Exercise instructions —
Without any of the pictures, set down the data below exactly.

Dataset entries:
• • • • •
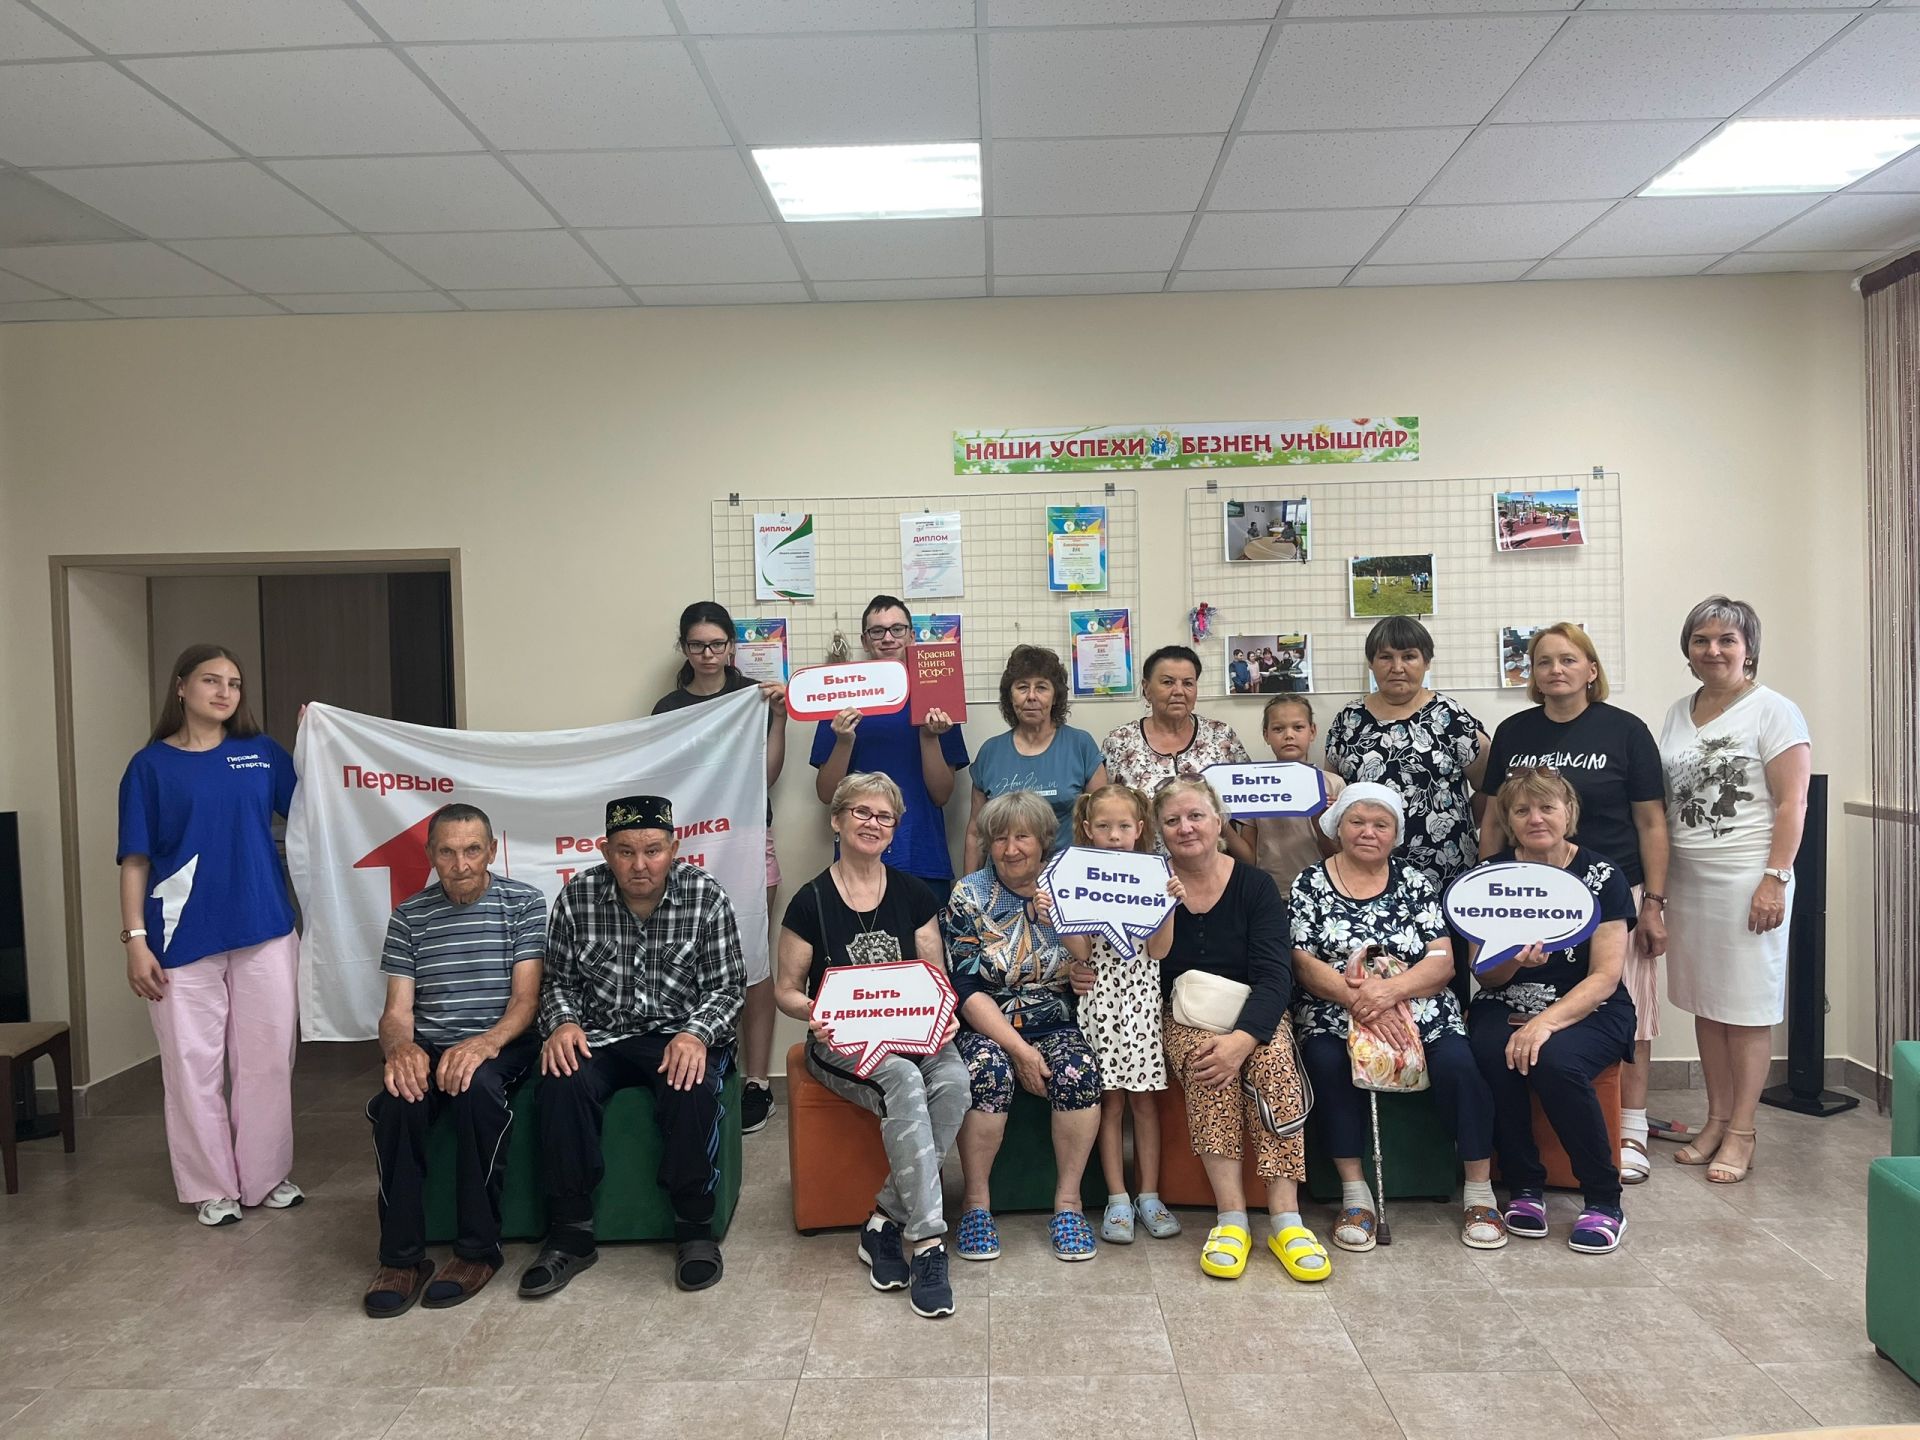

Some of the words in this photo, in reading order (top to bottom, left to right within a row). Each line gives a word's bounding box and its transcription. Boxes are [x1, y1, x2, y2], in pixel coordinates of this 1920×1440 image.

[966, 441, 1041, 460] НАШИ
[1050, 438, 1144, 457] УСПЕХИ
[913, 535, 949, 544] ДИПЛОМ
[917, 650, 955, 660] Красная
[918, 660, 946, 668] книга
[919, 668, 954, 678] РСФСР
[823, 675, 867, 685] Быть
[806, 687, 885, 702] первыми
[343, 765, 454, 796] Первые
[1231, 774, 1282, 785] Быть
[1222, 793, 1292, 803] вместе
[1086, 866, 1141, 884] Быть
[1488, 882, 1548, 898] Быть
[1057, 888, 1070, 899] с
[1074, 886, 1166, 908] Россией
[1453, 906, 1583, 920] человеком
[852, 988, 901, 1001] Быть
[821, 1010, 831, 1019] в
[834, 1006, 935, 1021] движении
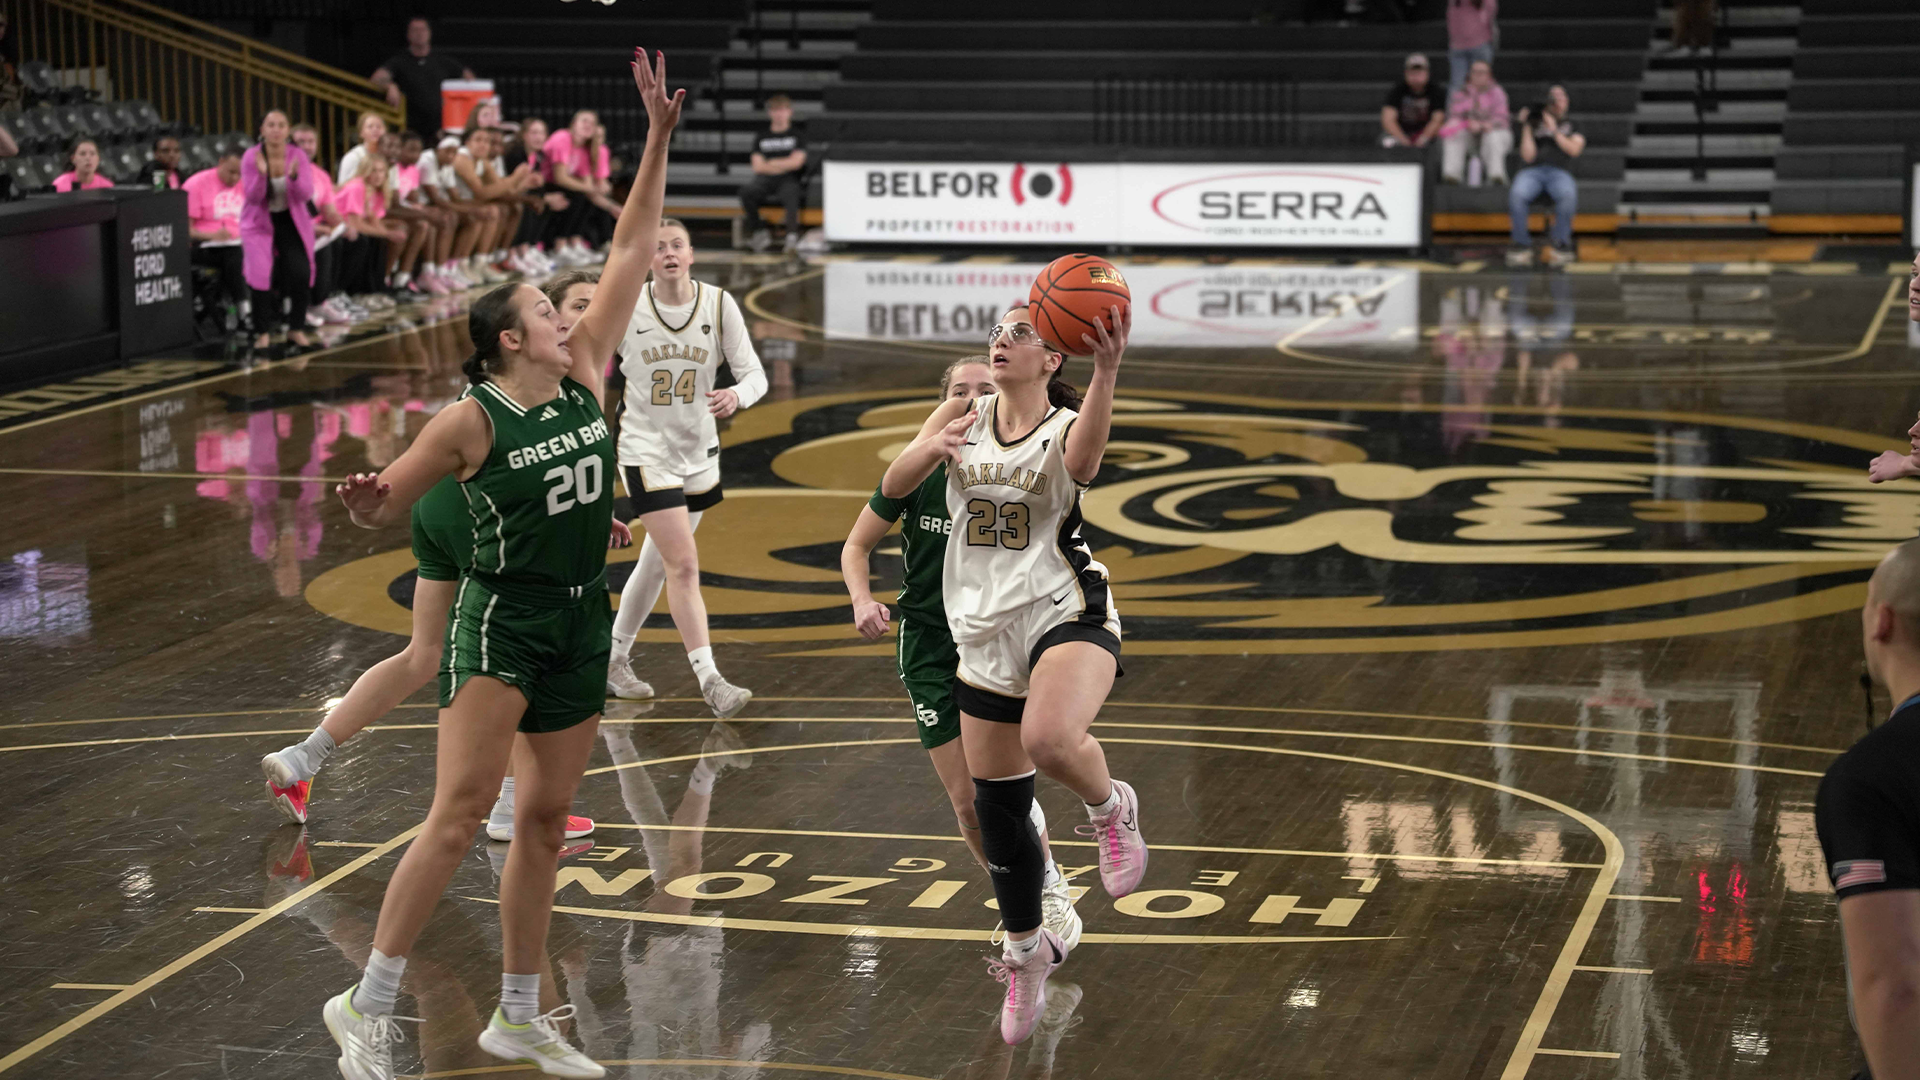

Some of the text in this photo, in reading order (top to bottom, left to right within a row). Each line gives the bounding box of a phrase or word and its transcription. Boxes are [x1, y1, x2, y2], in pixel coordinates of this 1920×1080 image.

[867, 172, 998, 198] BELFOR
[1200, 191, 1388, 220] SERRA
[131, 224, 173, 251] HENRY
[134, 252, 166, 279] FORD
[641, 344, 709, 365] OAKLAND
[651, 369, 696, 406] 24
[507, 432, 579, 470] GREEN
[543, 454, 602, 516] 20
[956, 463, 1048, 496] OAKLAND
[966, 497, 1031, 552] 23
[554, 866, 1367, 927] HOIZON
• • • • •
Result of this task —
Some of the words in this photo, in reading order (top to bottom, left to right within a row). Each line gives a word's bounding box and its transcription. Boxes are [x1, y1, x2, y2], in pixel coordinates of this 1920×1440 image.

[966, 441, 1041, 460] НАШИ
[1050, 438, 1144, 457] УСПЕХИ
[913, 535, 949, 544] ДИПЛОМ
[917, 650, 955, 660] Красная
[918, 660, 946, 668] книга
[919, 668, 954, 678] РСФСР
[823, 675, 867, 685] Быть
[806, 687, 885, 702] первыми
[343, 765, 454, 796] Первые
[1231, 774, 1282, 785] Быть
[1222, 793, 1292, 803] вместе
[1086, 866, 1141, 884] Быть
[1488, 882, 1548, 898] Быть
[1057, 888, 1070, 899] с
[1074, 886, 1166, 908] Россией
[1453, 906, 1583, 920] человеком
[852, 988, 901, 1001] Быть
[821, 1010, 831, 1019] в
[834, 1006, 935, 1021] движении

Some of the text in this photo, in reading order (top to bottom, left to right within a row). Each line gives the bounding box of a phrase or word and its transcription. Boxes are [x1, y1, x2, y2], in pixel coordinates of this 1920×1080 image.

[867, 172, 998, 198] BELFOR
[1200, 191, 1388, 220] SERRA
[131, 224, 173, 251] HENRY
[134, 252, 166, 279] FORD
[641, 344, 709, 365] OAKLAND
[651, 369, 696, 406] 24
[507, 432, 579, 470] GREEN
[543, 454, 602, 516] 20
[956, 463, 1048, 496] OAKLAND
[966, 497, 1031, 552] 23
[554, 866, 1367, 927] HOIZON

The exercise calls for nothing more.